*What is needed*:
Starting at the line that contains "this 1932×1932 image.", transcribe each line exactly through the last line of the data. Include nothing else.

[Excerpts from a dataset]
= Beginning of Section =

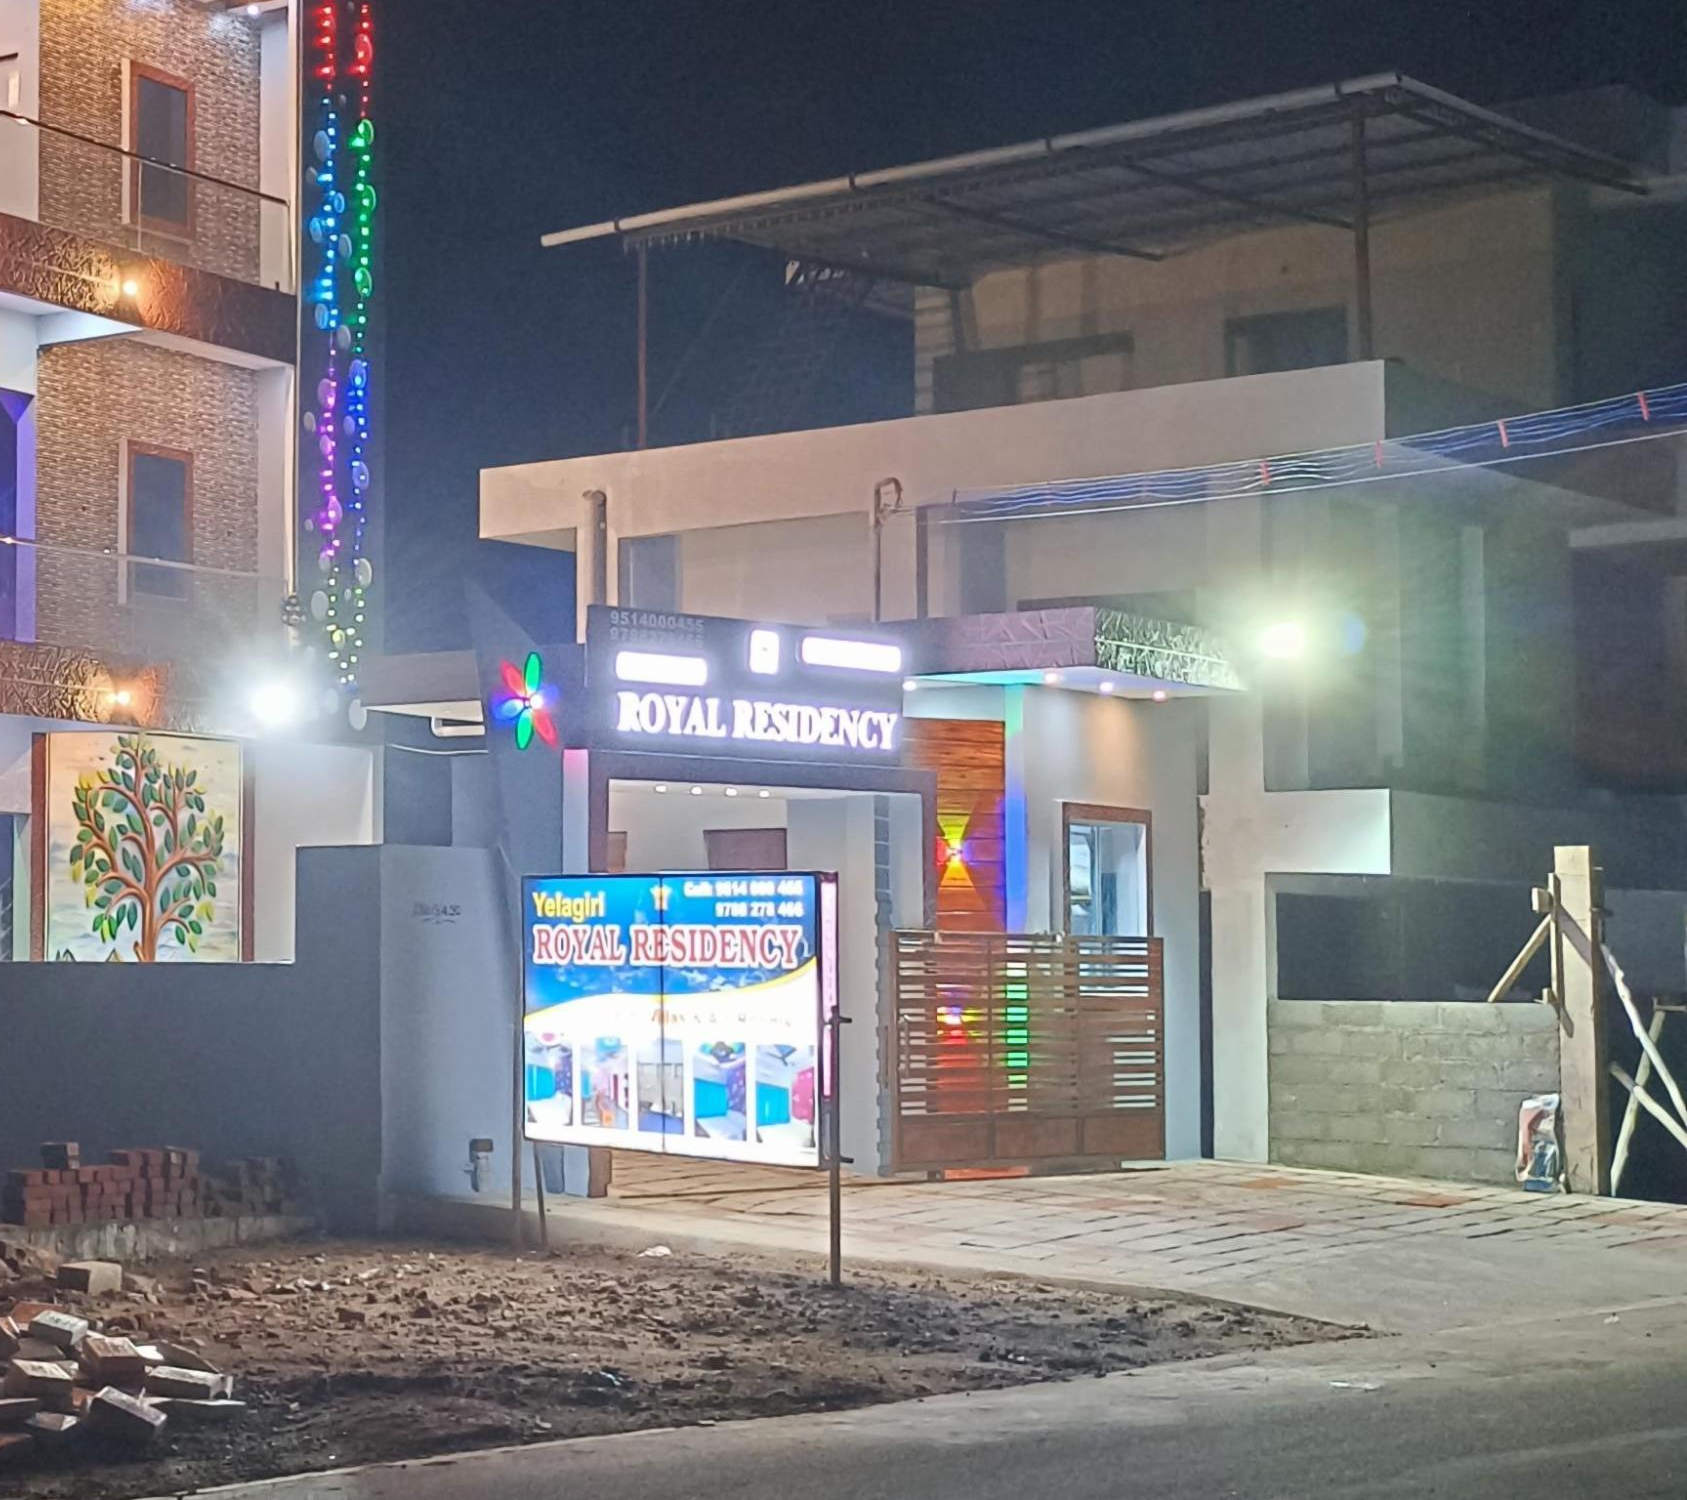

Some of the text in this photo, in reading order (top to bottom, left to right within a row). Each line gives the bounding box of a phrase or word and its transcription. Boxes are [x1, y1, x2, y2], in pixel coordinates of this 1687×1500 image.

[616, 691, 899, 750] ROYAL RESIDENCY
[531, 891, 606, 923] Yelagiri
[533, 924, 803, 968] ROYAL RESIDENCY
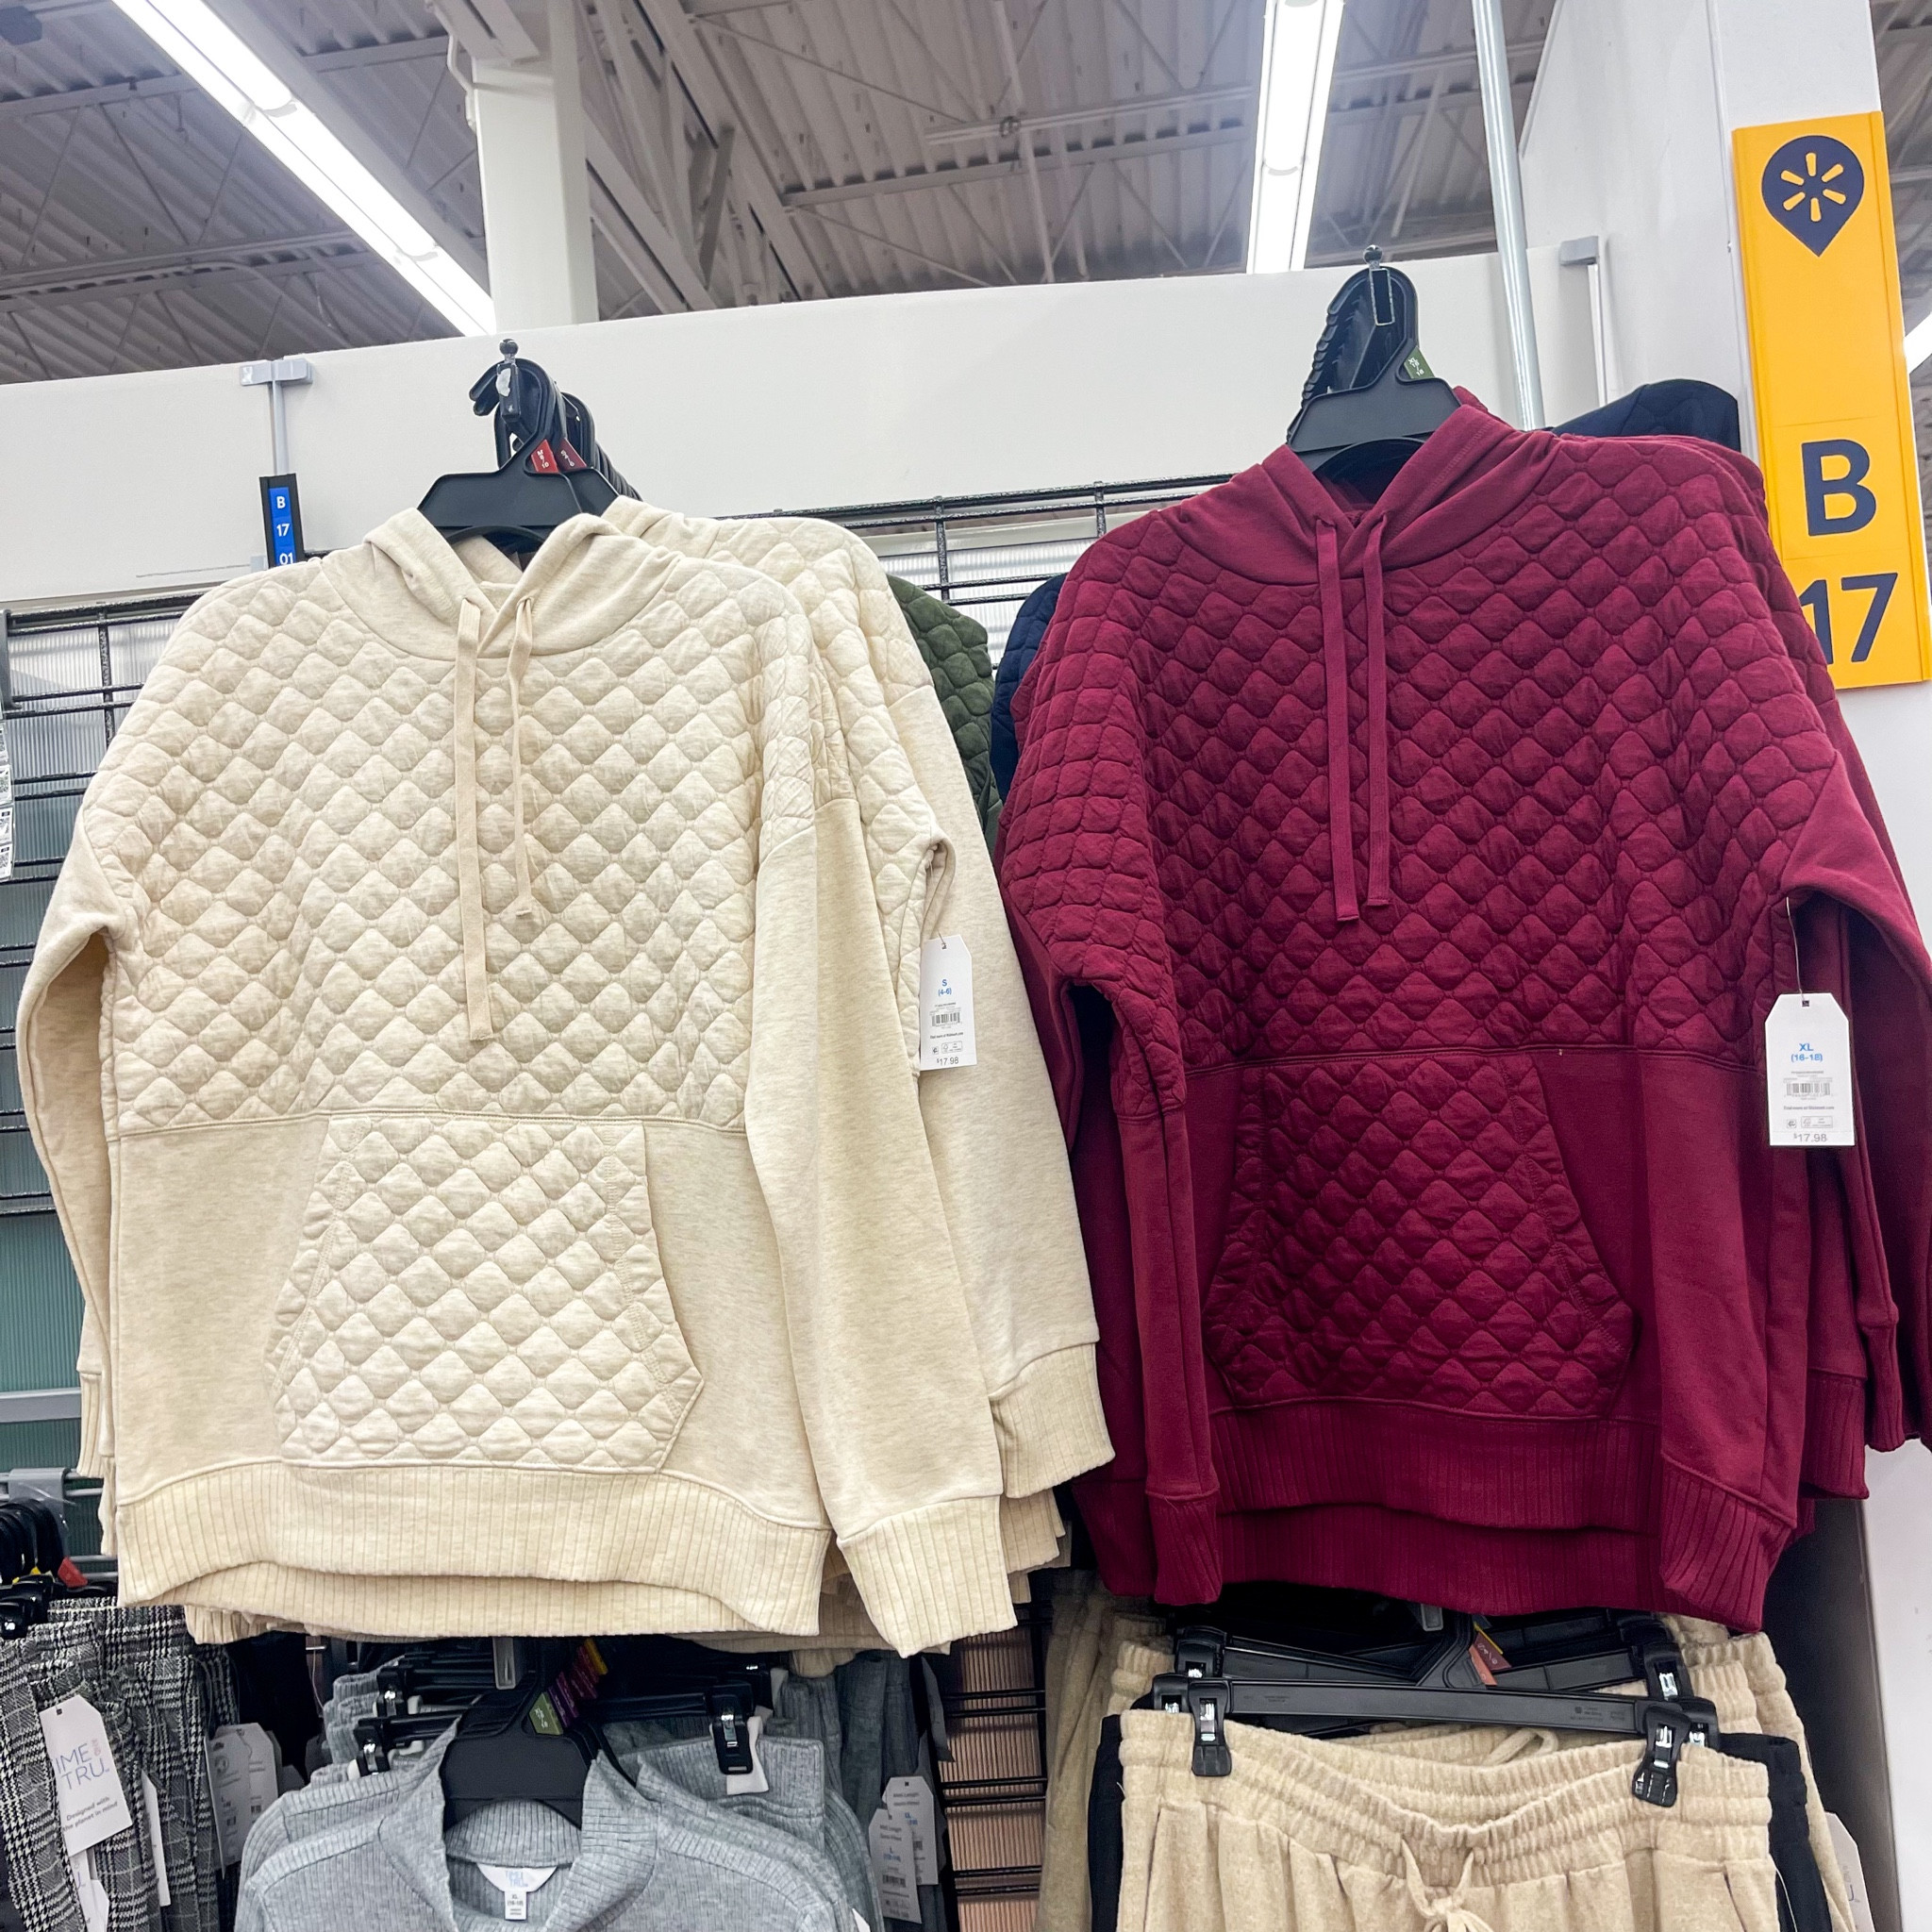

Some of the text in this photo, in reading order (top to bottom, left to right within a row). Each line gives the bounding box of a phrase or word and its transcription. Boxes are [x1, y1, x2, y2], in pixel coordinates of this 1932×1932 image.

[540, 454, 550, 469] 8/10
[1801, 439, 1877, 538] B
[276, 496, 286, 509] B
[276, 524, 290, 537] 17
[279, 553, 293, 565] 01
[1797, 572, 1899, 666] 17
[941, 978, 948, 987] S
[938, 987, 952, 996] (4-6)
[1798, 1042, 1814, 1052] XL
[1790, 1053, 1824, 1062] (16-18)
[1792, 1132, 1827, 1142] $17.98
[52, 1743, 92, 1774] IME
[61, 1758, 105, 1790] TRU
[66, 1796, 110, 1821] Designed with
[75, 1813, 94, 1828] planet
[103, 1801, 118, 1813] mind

= End of Section =

*Your solution*:
Some of the text in this photo, in reading order (top to bottom, left to right within a row). Each line gives the bounding box of a phrase or word and its transcription. Boxes are [x1, y1, x2, y2], in pixel coordinates of this 1932×1932 image.

[540, 454, 550, 469] 8/10
[1801, 439, 1877, 538] B
[276, 496, 286, 509] B
[276, 524, 290, 537] 17
[279, 553, 293, 565] 01
[1797, 572, 1899, 666] 17
[941, 978, 948, 987] S
[938, 987, 952, 996] (4-6)
[1798, 1042, 1814, 1052] XL
[1790, 1053, 1824, 1062] (16-18)
[1792, 1132, 1827, 1142] $17.98
[52, 1743, 92, 1774] IME
[61, 1758, 105, 1790] TRU
[66, 1796, 110, 1821] Designed with
[75, 1813, 94, 1828] planet
[103, 1801, 118, 1813] mind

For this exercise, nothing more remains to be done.